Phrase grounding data
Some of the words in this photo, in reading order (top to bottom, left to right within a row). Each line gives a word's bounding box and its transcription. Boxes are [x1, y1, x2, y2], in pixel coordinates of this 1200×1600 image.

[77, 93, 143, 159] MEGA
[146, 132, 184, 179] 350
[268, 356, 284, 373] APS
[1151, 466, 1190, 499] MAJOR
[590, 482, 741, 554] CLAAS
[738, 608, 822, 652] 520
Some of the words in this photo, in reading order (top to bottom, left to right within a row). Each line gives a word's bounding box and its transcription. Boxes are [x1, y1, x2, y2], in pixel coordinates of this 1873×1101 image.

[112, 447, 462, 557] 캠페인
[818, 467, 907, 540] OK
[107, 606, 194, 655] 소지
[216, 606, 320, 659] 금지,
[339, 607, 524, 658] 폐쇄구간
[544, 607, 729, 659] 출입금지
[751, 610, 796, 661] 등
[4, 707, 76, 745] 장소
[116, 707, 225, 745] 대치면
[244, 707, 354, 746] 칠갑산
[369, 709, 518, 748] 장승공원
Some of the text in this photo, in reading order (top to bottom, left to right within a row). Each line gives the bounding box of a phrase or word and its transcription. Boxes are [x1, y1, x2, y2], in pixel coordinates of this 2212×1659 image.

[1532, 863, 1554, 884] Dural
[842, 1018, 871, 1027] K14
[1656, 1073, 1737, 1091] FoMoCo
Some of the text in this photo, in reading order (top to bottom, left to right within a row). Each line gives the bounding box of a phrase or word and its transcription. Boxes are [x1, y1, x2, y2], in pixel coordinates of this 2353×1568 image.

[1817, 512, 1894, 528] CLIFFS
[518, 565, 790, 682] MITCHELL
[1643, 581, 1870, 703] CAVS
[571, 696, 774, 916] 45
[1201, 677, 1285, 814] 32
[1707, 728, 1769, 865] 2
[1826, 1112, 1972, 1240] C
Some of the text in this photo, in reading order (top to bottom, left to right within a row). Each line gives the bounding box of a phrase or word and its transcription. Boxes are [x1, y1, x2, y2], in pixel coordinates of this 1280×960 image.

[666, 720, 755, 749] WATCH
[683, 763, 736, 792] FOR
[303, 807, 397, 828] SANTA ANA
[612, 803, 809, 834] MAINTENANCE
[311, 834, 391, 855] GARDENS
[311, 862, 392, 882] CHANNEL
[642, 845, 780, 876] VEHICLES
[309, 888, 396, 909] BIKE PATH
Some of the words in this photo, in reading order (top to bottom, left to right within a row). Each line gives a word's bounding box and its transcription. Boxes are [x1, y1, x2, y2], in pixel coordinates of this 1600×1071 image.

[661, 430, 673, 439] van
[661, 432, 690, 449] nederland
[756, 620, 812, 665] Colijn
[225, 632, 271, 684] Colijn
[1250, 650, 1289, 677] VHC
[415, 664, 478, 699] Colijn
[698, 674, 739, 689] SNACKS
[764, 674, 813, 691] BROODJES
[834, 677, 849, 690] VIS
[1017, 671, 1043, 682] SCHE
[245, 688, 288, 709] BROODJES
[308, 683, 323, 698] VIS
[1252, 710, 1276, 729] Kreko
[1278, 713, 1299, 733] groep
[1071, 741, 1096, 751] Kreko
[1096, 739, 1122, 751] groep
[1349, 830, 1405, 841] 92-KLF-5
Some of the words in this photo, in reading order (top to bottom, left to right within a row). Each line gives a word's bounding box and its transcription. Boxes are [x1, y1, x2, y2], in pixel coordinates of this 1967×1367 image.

Description of the task:
The records shown above are to be retyped exactly, with none omitted.

Exercise result:
Some of the words in this photo, in reading order (top to bottom, left to right within a row). Each line gives a word's bounding box and its transcription. Boxes are [x1, y1, x2, y2], in pixel coordinates of this 1200×1600 image.

[77, 93, 143, 159] MEGA
[146, 132, 184, 179] 350
[268, 356, 284, 373] APS
[1151, 466, 1190, 499] MAJOR
[590, 482, 741, 554] CLAAS
[738, 608, 822, 652] 520
Some of the words in this photo, in reading order (top to bottom, left to right within a row). Each line gives a word's bounding box and its transcription. Boxes are [x1, y1, x2, y2], in pixel coordinates of this 1873×1101 image.

[112, 447, 462, 557] 캠페인
[818, 467, 907, 540] OK
[107, 606, 194, 655] 소지
[216, 606, 320, 659] 금지,
[339, 607, 524, 658] 폐쇄구간
[544, 607, 729, 659] 출입금지
[751, 610, 796, 661] 등
[4, 707, 76, 745] 장소
[116, 707, 225, 745] 대치면
[244, 707, 354, 746] 칠갑산
[369, 709, 518, 748] 장승공원
Some of the text in this photo, in reading order (top to bottom, left to right within a row). Each line gives the bounding box of a phrase or word and its transcription. Boxes are [x1, y1, x2, y2], in pixel coordinates of this 2212×1659 image.

[1532, 863, 1554, 884] Dural
[842, 1018, 871, 1027] K14
[1656, 1073, 1737, 1091] FoMoCo
Some of the text in this photo, in reading order (top to bottom, left to right within a row). Each line gives the bounding box of a phrase or word and its transcription. Boxes are [x1, y1, x2, y2], in pixel coordinates of this 2353×1568 image.

[1817, 512, 1894, 528] CLIFFS
[518, 565, 790, 682] MITCHELL
[1643, 581, 1870, 703] CAVS
[571, 696, 774, 916] 45
[1201, 677, 1285, 814] 32
[1707, 728, 1769, 865] 2
[1826, 1112, 1972, 1240] C
Some of the text in this photo, in reading order (top to bottom, left to right within a row). Each line gives the bounding box of a phrase or word and its transcription. Boxes are [x1, y1, x2, y2], in pixel coordinates of this 1280×960 image.

[666, 720, 755, 749] WATCH
[683, 763, 736, 792] FOR
[303, 807, 397, 828] SANTA ANA
[612, 803, 809, 834] MAINTENANCE
[311, 834, 391, 855] GARDENS
[311, 862, 392, 882] CHANNEL
[642, 845, 780, 876] VEHICLES
[309, 888, 396, 909] BIKE PATH
Some of the words in this photo, in reading order (top to bottom, left to right within a row). Each line gives a word's bounding box and its transcription. Boxes are [x1, y1, x2, y2], in pixel coordinates of this 1600×1071 image.

[661, 430, 673, 439] van
[661, 432, 690, 449] nederland
[756, 620, 812, 665] Colijn
[225, 632, 271, 684] Colijn
[1250, 650, 1289, 677] VHC
[415, 664, 478, 699] Colijn
[698, 674, 739, 689] SNACKS
[764, 674, 813, 691] BROODJES
[834, 677, 849, 690] VIS
[1017, 671, 1043, 682] SCHE
[245, 688, 288, 709] BROODJES
[308, 683, 323, 698] VIS
[1252, 710, 1276, 729] Kreko
[1278, 713, 1299, 733] groep
[1071, 741, 1096, 751] Kreko
[1096, 739, 1122, 751] groep
[1349, 830, 1405, 841] 92-KLF-5
Some of the words in this photo, in reading order (top to bottom, left to right within a row). Each line gives a word's bounding box and its transcription. Boxes are [x1, y1, x2, y2], in pixel coordinates of this 1967×1367 image.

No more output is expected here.